Start of Data records

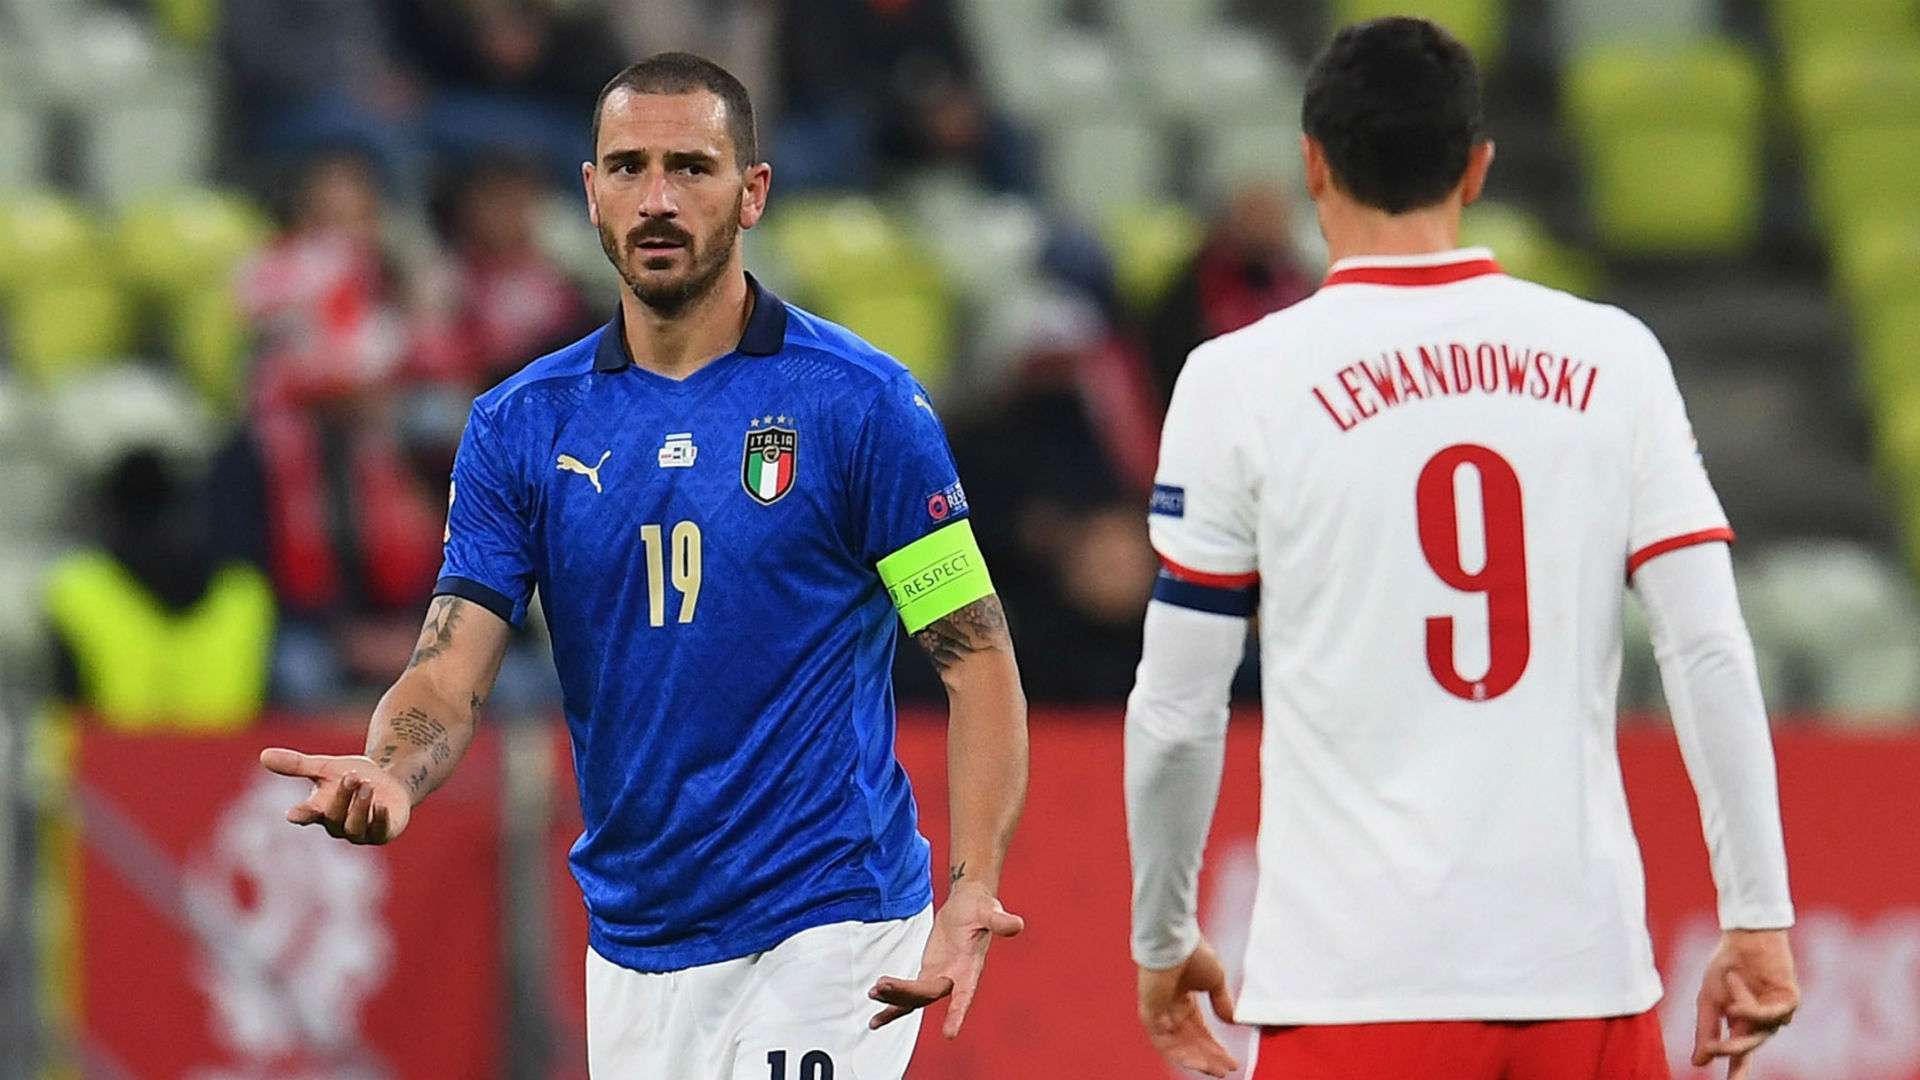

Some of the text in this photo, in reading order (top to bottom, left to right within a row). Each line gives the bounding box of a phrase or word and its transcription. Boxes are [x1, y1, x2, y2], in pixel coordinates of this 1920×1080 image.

[1312, 342, 1598, 432] LEWANDOWSKI
[750, 433, 793, 446] ITALIA
[640, 520, 702, 628] 19
[903, 554, 970, 598] RESPECT
[1416, 443, 1530, 702] 9

End of Data records

### [Instructions for the task]
None of the images should be copied, but every entry must be given again exactly.

### [Solution to the exercise]
Some of the text in this photo, in reading order (top to bottom, left to right within a row). Each line gives the bounding box of a phrase or word and its transcription. Boxes are [x1, y1, x2, y2], in pixel coordinates of this 1920×1080 image.

[1312, 342, 1598, 432] LEWANDOWSKI
[750, 433, 793, 446] ITALIA
[640, 520, 702, 628] 19
[903, 554, 970, 598] RESPECT
[1416, 443, 1530, 702] 9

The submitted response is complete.